I know what you speak of, I was in a similar situation about two years ago where every section of my being hated what I was doing so much I was waking up early in panic due to anxiety and stress. It got to the point where I just could not make myself physically go anymore even if hell and earth fell upon me all at once so I resigned and I felt so free, it was amazing.

I think your situation is different because you have a baby on the way so you are going to have to be more cautious. I think if the job in a coffee shop pays enough for you to sustain your family then just quit and go do it until you can find a more suitable job, it is better that your baby does not arrive into the world with you in a stressed out mess. 

You could also just arrange to take some time off from your current job to gain some perspective and temporary relief. Sometimes it is not just the job that is causing stress but some other area of life that is spilling over. With a little break you might be able to find some positive meaning to the experience and the job so that you can continue for a while longer with a somewhat different attitude and renewed vigor. Your decision seems to me to be a difficult one.
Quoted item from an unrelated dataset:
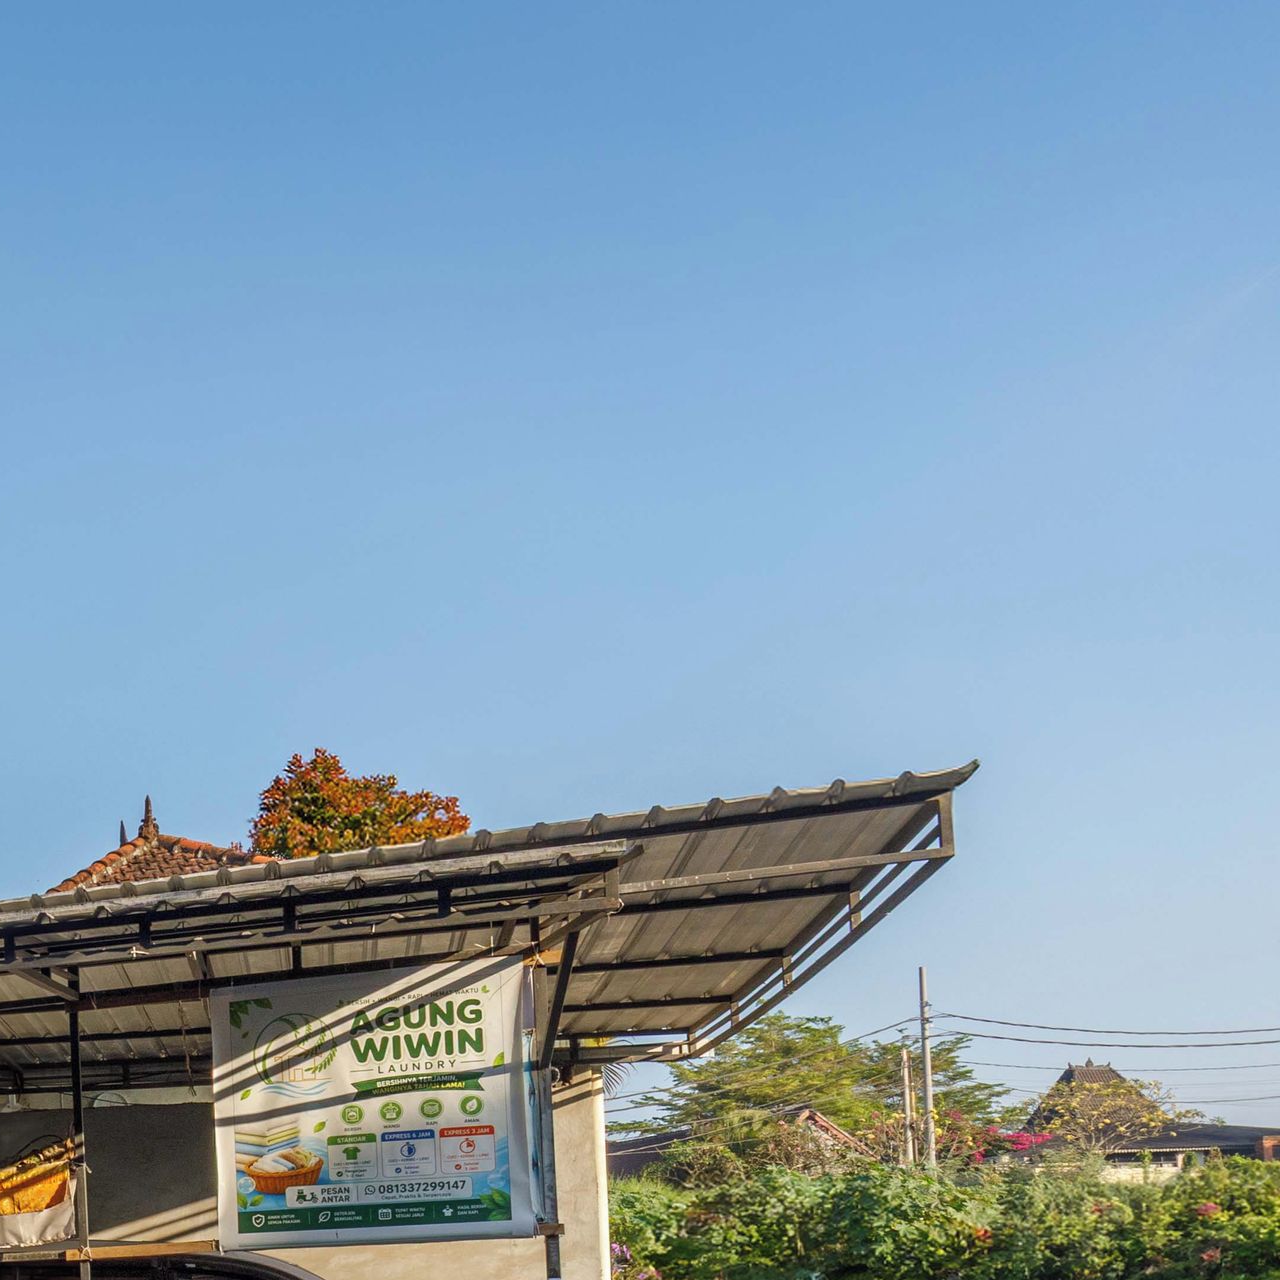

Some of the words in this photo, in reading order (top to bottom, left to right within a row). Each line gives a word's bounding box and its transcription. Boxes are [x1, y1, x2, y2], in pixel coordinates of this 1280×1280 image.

You did not say what it is about working with computers that is causing you stress.


----------



## wellnowwhat

lightwing said:


> Maybe a change in scenery would help for the time being? I worked for a hospital for 6 years in the IT department. Just about 3 years ago (been working for this company for almost 9 years now) I transferred to a different division and moved. I like what I'm doing better now and get paid better with less stress due to not being responsible for things I know little about. There are days when I feel the same about not wanting to be in IT any more, but mostly I enjoy my job because I enjoy using my abilities with computers to help others. Maybe just looking for another job in a different company with a change in focus would help? Just a thought, but I know what mean about feeling stuck and not wanting to be in IT any more...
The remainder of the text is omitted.